Жернова. 1918-1953. Вторжение — страница 98 из 111

Сегодня не бомбят: пасмурно. Зато со стороны устья Невы слышатся тяжелые удары немецких снарядов, словно бухает большой паровой молот. Во многих местах пульсирует пламя пожаров, низкие облака багровеют, подсвеченные огнем, так что кажется, будто в центре горит все, что только может гореть. Трамваи в ту сторону не ходят. До Светлановского проспекта пришлось добираться с тремя пересадками, а потом и вовсе пешком.

Светало. Моросил дождь. Народу на улицах становилось все меньше. Василий шагал, ссутулившись и опустив голову, подняв воротник плаща. Впереди шел человек с непокрытой головой, его широкие плечи раскачивались так, будто человек был пьян или только что сошел с корабля. Что-то знакомое почудилось Василию в этой фигуре, но он в последние дни все больше терял интерес к окружающему его миру, потому что мир этот оттеснял его куда-то на задворки, не позволяя вмешиваться в свою жизнь, и в голове Василия ничто не сдвинулось с места, чтобы полюбопытствовать, кто идет впереди.

Хотя Василия не уволили с завода, а дали отпуск на три дня, и начальник цеха сказал, чтобы он не пропадал, потому что коллектив его ценит, и он, Мануйлов, может понадобиться в любой день, как только работа наладится вновь, однако Василий чувствовал, что эти три дня могут растянуться надолго, и тогда встанет вопрос: что делать и куда податься? Вряд ли на других заводах положение лучше, следовательно, руки его, Василия, и его голова никому не нужны. А нет работы — нет и жизни.
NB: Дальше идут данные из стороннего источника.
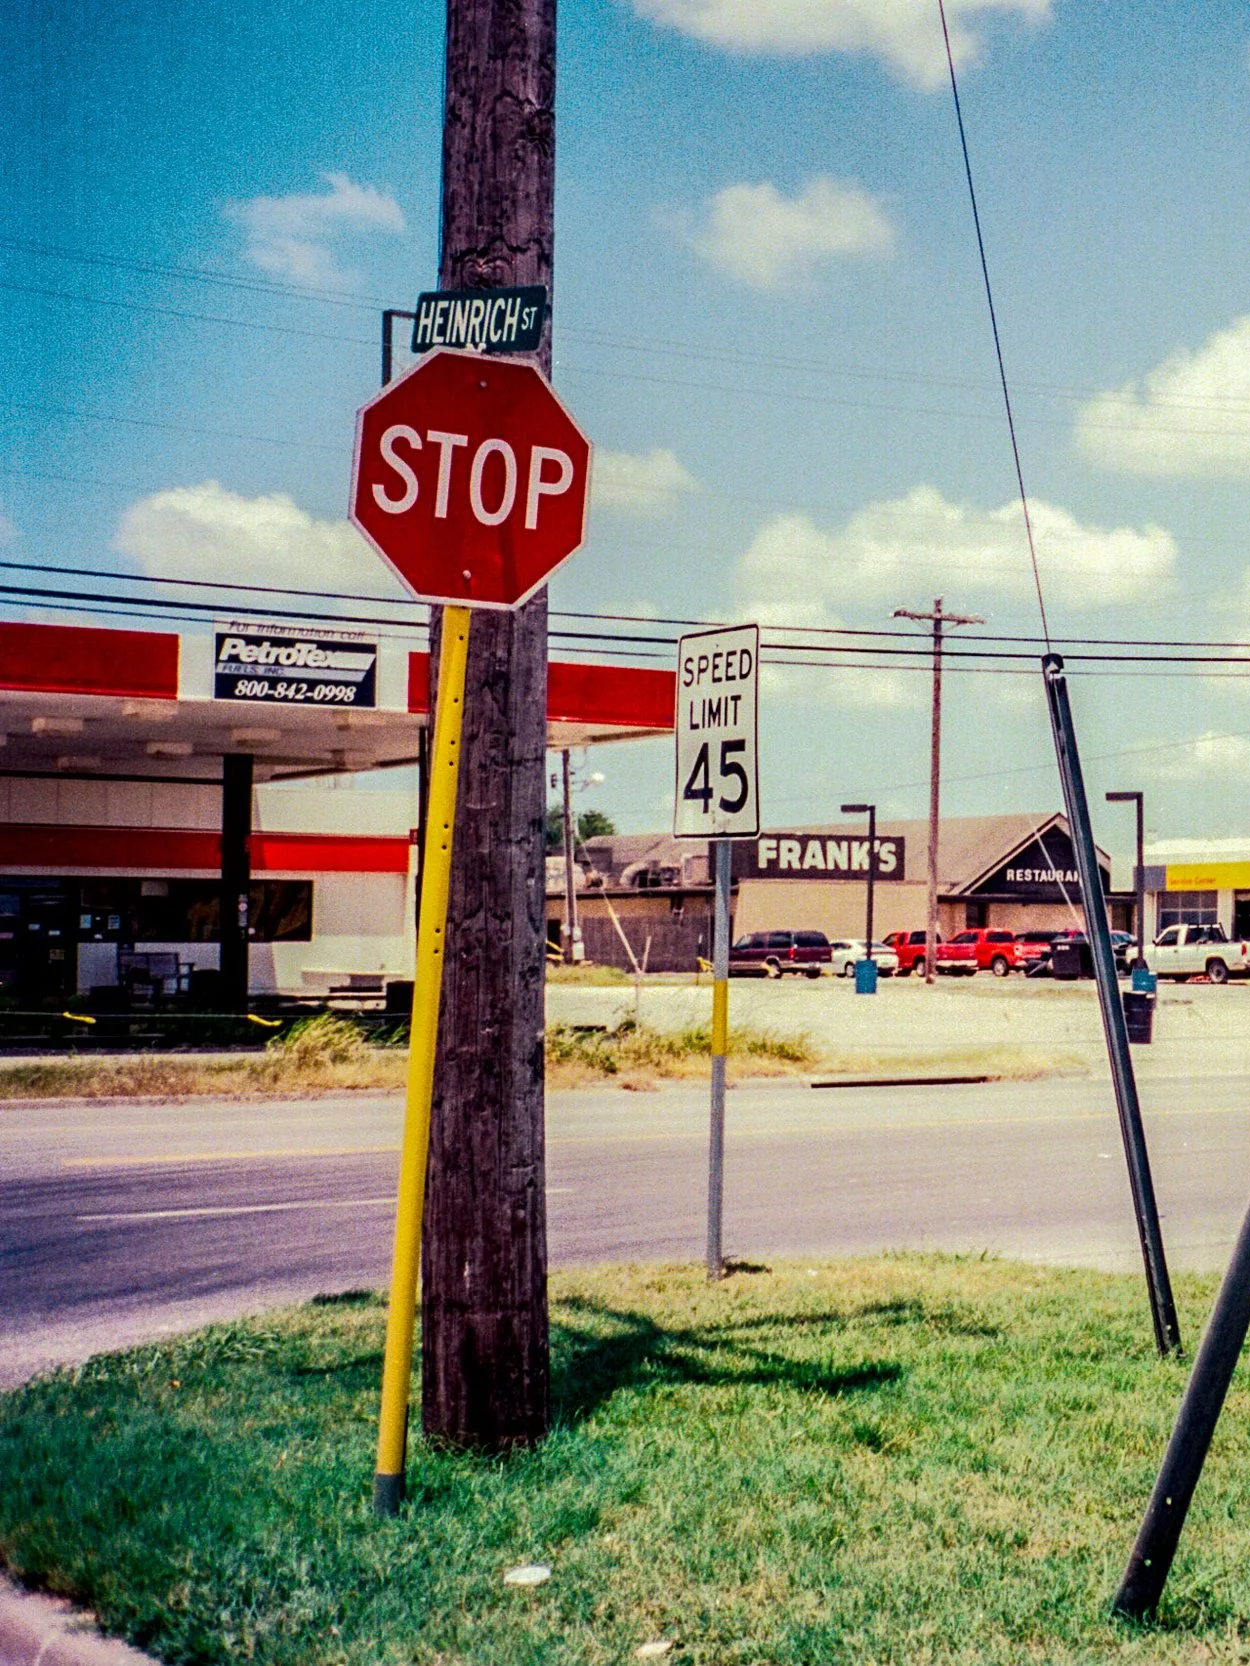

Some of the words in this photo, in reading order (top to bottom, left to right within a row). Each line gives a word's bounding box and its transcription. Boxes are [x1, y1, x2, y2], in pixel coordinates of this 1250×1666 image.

Человек впереди остановился и стал раскуривать папиросу, повернувшись спиной к ветру, и Василий узнал его: Димка Ерофеев! Вот уж кого он не ожидал встретить в такое время и так далеко от дома, где жил Димка последние годы после женитьбы на своей медичке. И Димка, прикурив и оглянувшись на звук шагов, узнал Василия, бросил спичку и, глубоко затянувшись дымом, повернулся к нему лицом. При этом на лице его не отразилось ни радости по поводу встречи, ни удивления — ровным счетом ничего. Каменным оставалось лицо Димки Ерофеева, как лицо сфинкса на Адмиралтейской набережной.
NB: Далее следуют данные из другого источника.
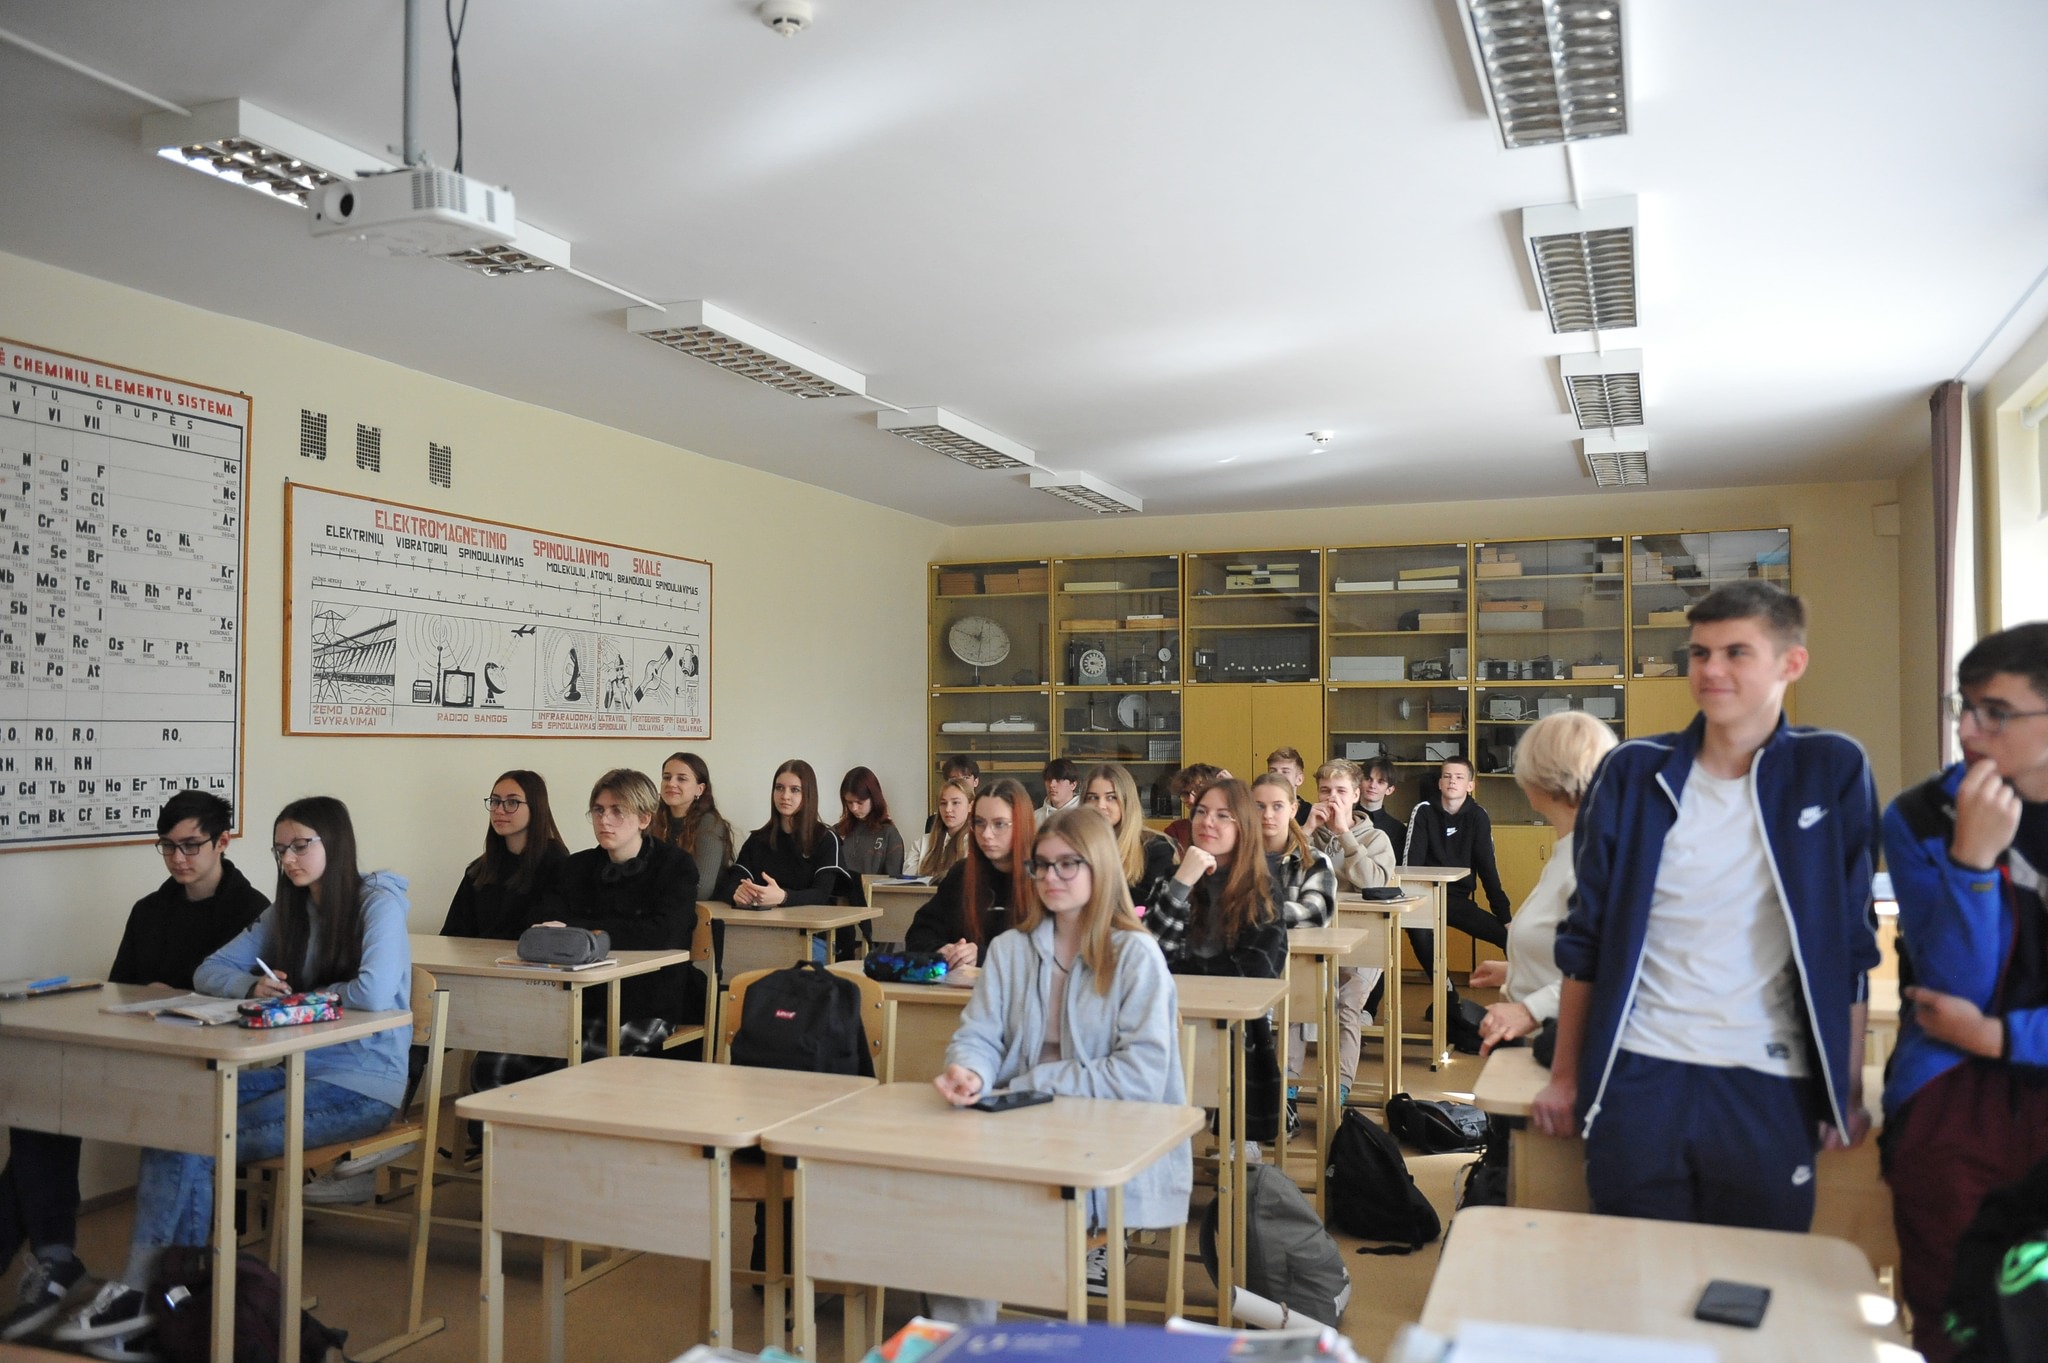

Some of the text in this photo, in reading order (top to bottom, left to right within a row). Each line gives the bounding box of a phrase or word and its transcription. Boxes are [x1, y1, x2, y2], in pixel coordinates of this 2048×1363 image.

[177, 394, 233, 417] SISTEMA
[12, 400, 190, 448] V VI VII VIII
[22, 452, 31, 467] N
[97, 465, 105, 478] F
[223, 460, 237, 474] He
[22, 481, 31, 495] P
[60, 487, 68, 502] S
[223, 487, 236, 500] Ne
[38, 514, 55, 528] Cr
[76, 519, 96, 534] Mn
[112, 524, 127, 538] Fe
[146, 529, 161, 543] Co
[179, 533, 190, 547] Ni
[222, 513, 235, 526] Ar
[375, 509, 507, 551] ELEKTROMAGNETINIO
[533, 539, 610, 568] SPINDULIAVIMO
[13, 541, 234, 579] As Se Br Kr
[458, 547, 524, 568] SPINDULIAVIMAS
[36, 572, 58, 588] Mo
[75, 576, 91, 591] Tc
[110, 580, 128, 595] Ru
[145, 583, 160, 598] Rh
[177, 587, 192, 601] Pd
[656, 580, 699, 595] SPINDULIAVIMAS
[10, 600, 28, 615] Sb
[49, 604, 66, 618] Te
[220, 617, 233, 630] Xe
[35, 632, 47, 646] W
[73, 634, 89, 649] Re
[109, 637, 124, 651] Os
[176, 641, 189, 655] Pt
[10, 660, 232, 683] Bi Po At Rn
[314, 716, 377, 726] SVYRAVIMAI
[437, 713, 508, 723] RADIJO BANGOS
[74, 756, 92, 770] RH
[49, 780, 66, 794] Tb
[78, 779, 95, 795] Dy
[105, 778, 121, 792] Ho
[132, 778, 148, 791] Er
[160, 777, 178, 790] Tm
[185, 777, 199, 790] Yb
[210, 776, 225, 788] Lu
[19, 810, 40, 825] Cm
[49, 809, 66, 823] Bk
[78, 807, 93, 822] Cf
[105, 806, 121, 820] Es
[132, 805, 152, 819] Fm
[874, 837, 883, 850] 5
— Привет! — воскликнул Василий, подойдя к Димке вплотную. — Какими судьбами в наши края?

У Димки скривилась в ответ правая сторона лица, дернулся мускул под глазом, он коротко мотнул головой и протянул Василию руку. Пожатие его было вялым — совсем не таким, как прежде. Да и лицо… оно не только закаменело, а будто обгорело, но не снаружи, а изнутри — какое-то иссиня-желтое, похожее на старый синяк от сильного удара, — и Василий, разглядев так изменившееся лицо Димки, больше не произнес ни слова, помня и неразговорчивость Димки, и его манеру пропускать вопросы мимо ушей, а говорить лишь о том, о чем он сам считал необходимым.

Так они дошли до Лесного переулка, и на углу Василий спросил:

— Зайдешь ко мне?

Димка кивнул непокрытой головой, по спутанным волосам которой скользили вниз дождевые капли, и наконец-то открыл рот:

— Я к тебе шел… — вновь затянулся дымом, бросил окурок под ноги, но зачем шел, объяснять не стал.
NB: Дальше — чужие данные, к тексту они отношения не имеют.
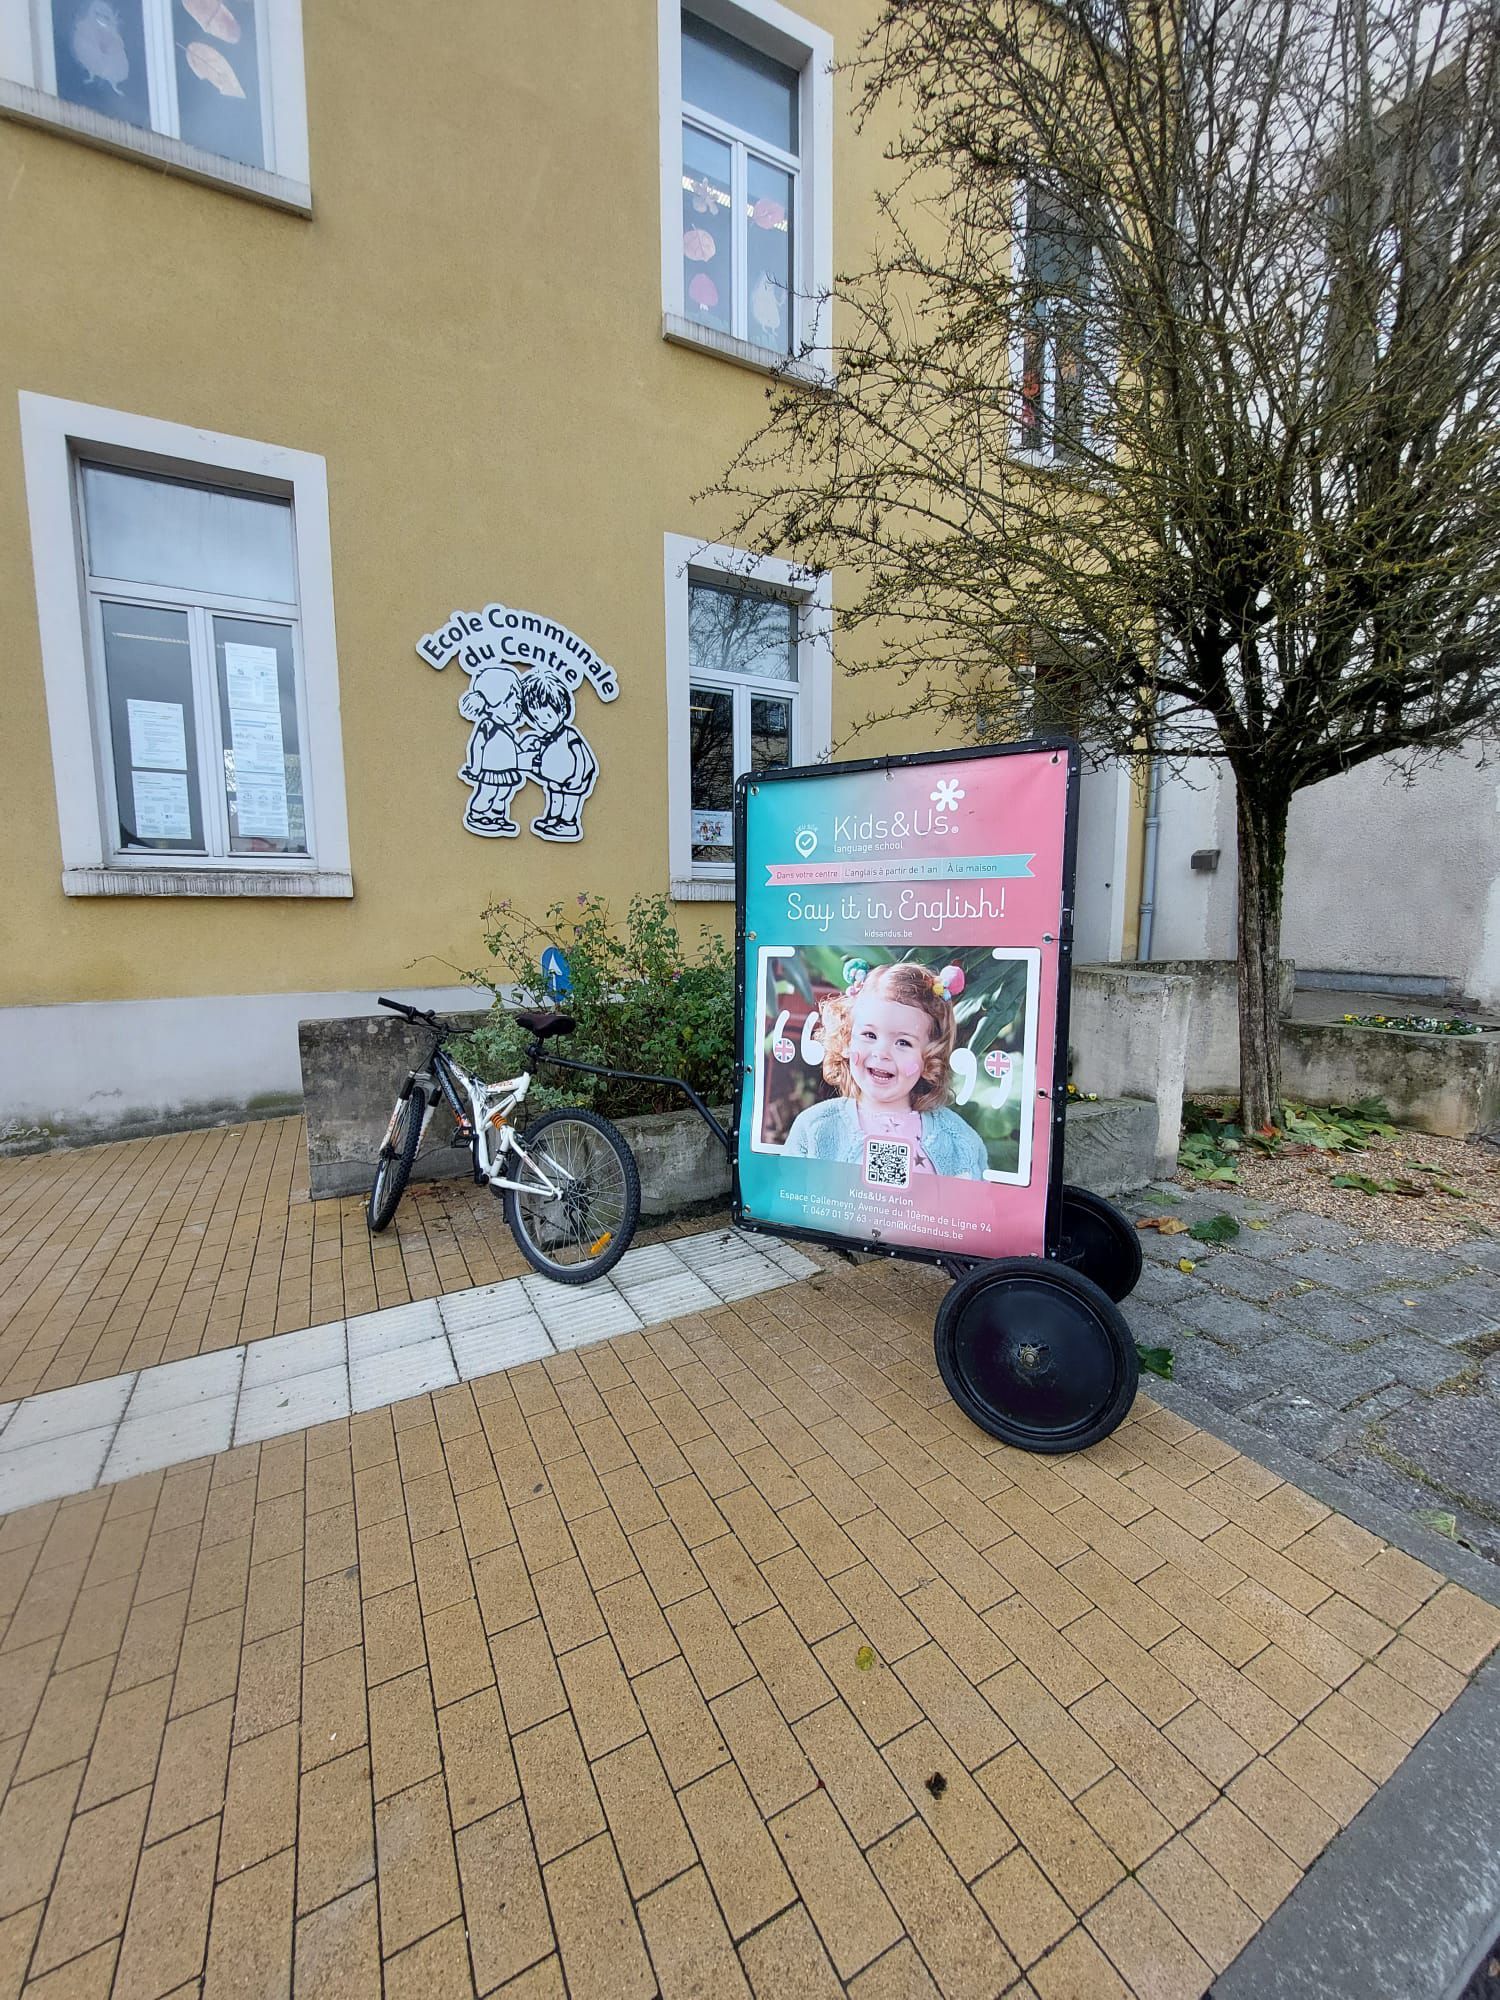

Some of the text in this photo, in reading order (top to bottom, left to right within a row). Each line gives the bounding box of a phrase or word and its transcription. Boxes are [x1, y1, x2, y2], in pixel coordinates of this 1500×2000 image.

Они поднялись на второй этаж, Василий открыл дверь в свою комнату, снял плащ и повесил на крючок. Увидев, что Димка не раздевается, а стоит истуканом посреди комнаты, будто не узнавая ее, потянул с него плащ. Димка встрепенулся, сам разделся, предварительно вынув из карманов две бутылки водки, какие-то банки и две краюхи хлеба, завернутые в кальку.

Василий ничего на это не сказал, молча стал готовить необычный завтрак. Он уже догадался, что с Димкой что-то случилось — что-то ужасное, что случалось теперь со многими ленинградцами, и боялся неуместными вопросами причинить своему приятелю лишнюю боль.

На столе вскоре дымилась картошка в мундирах, стояла тарелка с солеными грибами, на другой тарелке плавали в томатном соусе серые кусочки консервированной беломорской селедки.

Димка сам разлил водку по стаканам — и тоже необычно: по полному, будто ему хотелось сразу оглушить себя и забыть все, что было до этой минуты. И пил он водку медленными, мучительными глотками, запрокинув голову и закрыв глаза.

— Закуси! — предложил Василий, отпив из своего стакана не больше четверти, точно перед ним сидел человек, ни разу водку не пивший и не знающий ее действия.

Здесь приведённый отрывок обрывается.